Allerdings wirkten die meist sehr kurzen Gedichte, deren Text dann bei einem Lied oft mehrmals wiederholt wurde, nicht so stimmungsvoll wie die Klassiker der jiddischen Literatur. Das melancholisch-fröhliche Lebensgefühl des Klezmer mochte an diesem Abend kaum aufkommen.
Eher als Zychlinskis Texte überzeugten da noch diejenigen von Else Lasker-Schüler, die trotz ihres Hochdeutschs mehr von der typisch jiddischen Stimmungslage auszudrücken vermochten. Hier kam dann auch etwas mehr von der wehmütigen Lebensfreude und humorvollen Trauer an als bei Zychlinskis Texten.

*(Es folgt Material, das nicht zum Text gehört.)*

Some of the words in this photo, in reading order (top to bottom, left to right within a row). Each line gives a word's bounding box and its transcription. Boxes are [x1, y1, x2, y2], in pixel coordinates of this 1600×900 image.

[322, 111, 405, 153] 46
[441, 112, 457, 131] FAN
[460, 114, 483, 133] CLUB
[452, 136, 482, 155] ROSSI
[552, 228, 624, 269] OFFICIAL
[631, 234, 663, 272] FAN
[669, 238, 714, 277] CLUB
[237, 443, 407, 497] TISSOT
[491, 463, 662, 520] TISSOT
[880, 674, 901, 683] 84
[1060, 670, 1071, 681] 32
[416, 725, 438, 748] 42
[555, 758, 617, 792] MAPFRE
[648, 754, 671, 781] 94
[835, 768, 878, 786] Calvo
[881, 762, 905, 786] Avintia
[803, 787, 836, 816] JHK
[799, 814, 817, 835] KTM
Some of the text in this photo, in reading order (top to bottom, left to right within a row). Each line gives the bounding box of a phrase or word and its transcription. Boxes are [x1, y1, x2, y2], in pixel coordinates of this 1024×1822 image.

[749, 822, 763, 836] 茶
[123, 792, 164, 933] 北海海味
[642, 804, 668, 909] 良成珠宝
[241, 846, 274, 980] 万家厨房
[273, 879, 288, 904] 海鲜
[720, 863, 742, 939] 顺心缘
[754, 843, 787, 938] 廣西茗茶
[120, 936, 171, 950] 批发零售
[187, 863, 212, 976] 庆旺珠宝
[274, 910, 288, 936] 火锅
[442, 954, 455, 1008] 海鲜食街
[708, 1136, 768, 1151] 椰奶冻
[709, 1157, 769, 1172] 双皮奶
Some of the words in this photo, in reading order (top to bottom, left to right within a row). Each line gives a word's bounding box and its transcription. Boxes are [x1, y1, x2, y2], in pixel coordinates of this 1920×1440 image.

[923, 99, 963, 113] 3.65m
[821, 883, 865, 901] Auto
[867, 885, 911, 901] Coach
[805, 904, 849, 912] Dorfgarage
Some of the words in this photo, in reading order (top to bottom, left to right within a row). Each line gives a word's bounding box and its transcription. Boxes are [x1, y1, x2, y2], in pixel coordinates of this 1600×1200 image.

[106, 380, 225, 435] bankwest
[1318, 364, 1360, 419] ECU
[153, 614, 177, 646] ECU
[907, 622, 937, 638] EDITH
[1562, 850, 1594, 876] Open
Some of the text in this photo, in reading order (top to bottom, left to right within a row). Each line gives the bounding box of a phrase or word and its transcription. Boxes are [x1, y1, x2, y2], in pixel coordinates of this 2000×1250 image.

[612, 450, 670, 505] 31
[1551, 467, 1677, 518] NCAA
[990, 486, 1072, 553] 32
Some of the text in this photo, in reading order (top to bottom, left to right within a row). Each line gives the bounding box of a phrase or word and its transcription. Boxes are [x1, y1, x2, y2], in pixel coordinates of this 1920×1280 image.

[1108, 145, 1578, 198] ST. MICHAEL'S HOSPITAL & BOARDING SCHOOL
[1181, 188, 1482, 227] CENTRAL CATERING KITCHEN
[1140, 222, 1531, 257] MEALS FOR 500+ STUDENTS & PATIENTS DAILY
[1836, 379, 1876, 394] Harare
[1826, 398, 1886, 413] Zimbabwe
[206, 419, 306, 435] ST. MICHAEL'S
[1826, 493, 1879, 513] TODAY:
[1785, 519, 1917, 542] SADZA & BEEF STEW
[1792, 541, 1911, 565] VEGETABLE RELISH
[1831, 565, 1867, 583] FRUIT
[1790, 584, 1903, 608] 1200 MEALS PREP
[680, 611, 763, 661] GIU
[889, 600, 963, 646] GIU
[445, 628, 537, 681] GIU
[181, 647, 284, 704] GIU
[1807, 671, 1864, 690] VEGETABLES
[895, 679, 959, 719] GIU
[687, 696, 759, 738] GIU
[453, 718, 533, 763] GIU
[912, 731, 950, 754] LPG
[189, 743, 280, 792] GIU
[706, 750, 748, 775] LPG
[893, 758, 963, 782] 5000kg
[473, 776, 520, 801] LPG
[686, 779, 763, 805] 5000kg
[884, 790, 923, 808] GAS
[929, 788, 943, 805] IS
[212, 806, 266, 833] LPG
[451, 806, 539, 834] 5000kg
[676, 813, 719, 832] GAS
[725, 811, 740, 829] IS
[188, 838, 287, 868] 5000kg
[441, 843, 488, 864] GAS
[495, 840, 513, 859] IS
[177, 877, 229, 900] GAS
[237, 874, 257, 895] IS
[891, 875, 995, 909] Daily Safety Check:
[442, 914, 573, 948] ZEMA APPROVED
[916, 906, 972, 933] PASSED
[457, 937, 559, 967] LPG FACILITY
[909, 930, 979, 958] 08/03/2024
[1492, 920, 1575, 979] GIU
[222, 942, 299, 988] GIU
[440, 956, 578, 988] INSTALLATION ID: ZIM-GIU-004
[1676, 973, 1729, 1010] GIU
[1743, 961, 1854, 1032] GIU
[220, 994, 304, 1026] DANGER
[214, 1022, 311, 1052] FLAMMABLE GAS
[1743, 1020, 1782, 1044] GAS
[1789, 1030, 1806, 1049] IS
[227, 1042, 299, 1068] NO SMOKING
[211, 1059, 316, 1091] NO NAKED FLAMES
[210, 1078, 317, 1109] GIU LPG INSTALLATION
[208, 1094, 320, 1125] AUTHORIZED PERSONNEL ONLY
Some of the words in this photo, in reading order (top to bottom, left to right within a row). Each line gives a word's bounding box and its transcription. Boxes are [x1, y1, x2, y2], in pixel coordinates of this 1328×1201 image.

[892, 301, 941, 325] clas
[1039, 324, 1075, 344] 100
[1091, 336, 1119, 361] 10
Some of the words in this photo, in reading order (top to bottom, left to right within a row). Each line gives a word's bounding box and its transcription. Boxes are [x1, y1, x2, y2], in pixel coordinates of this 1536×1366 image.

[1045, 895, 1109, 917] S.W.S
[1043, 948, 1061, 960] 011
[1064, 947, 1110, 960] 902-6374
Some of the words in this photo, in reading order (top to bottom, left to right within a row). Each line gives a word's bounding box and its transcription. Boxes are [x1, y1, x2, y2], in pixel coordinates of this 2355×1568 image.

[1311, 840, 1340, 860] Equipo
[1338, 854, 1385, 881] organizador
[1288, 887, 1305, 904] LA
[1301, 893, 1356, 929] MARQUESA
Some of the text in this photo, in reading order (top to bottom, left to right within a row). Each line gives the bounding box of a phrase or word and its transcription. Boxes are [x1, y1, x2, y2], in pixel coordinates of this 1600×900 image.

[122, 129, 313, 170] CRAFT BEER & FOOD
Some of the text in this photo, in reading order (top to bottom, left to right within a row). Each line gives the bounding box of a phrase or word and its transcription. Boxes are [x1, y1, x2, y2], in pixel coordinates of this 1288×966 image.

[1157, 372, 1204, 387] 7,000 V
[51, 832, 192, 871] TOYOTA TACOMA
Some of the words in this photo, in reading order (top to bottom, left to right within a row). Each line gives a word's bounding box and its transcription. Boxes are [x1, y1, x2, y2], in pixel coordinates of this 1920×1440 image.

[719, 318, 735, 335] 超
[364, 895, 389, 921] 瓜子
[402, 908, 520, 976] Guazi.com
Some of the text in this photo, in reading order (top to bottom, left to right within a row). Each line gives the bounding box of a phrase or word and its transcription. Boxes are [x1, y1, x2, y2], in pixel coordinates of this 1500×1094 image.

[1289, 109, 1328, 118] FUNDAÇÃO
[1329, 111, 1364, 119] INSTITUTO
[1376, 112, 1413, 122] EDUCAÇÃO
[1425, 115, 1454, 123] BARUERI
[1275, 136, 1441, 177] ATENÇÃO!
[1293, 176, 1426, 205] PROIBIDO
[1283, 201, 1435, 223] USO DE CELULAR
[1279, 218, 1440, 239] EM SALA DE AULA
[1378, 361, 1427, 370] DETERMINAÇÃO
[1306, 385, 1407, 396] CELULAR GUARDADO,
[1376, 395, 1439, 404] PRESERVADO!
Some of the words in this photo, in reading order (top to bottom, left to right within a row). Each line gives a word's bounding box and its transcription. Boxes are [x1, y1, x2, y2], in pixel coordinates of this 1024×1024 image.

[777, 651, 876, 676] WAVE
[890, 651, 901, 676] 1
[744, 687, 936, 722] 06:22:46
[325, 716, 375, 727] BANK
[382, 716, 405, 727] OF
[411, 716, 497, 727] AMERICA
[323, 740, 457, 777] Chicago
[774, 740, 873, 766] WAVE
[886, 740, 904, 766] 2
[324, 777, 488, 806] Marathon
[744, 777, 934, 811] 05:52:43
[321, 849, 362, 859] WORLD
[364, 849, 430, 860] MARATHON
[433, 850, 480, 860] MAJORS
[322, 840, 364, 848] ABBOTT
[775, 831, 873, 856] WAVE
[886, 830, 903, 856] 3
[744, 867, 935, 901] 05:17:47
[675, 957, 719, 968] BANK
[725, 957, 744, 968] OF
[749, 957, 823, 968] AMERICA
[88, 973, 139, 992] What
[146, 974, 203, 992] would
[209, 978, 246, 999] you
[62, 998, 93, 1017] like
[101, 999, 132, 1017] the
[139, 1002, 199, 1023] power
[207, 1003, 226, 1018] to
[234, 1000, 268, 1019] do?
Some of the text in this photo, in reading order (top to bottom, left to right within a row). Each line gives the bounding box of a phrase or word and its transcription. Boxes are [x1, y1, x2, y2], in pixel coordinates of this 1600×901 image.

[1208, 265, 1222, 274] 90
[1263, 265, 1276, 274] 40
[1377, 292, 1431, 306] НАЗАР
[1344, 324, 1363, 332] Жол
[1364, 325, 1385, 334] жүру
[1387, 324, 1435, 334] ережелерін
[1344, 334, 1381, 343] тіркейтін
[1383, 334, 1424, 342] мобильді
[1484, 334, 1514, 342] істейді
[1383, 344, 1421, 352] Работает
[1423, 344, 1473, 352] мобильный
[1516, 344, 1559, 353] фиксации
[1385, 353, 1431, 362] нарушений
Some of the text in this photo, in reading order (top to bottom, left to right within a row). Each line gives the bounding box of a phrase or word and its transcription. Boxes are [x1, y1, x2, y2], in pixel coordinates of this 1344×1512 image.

auptgrund für den – zumindest bei einigen im Publikum –nicht übergesprungenen Funken war wohl die kühle Distanz der drei Musiker zur klassischen Klezmer-Kultur. Das einzige halbwegs bekannte Klezmer-Traditional spielten sie auch nur als Instrumental, damit nicht "alle mitsingen".
Wer eine Mixtur aus Jazz, Blues oder Reggae bevorzugt und nicht so sehr auf Klezmer wartet, dem mag Ma Piroschka durchaus gefallen. Technisch jedenfalls waren alle drei Musiker am Freitagabend perfekt.
Der freundliche Applaus spiegelte die Anerkennung dieser Leistung wider. Beim Verkauf von CDs im Foyer fragten die meisten dann nach Aufnahmen mit der Sängerin Stella, die bei alledem am sympathischsten herübergekommen war.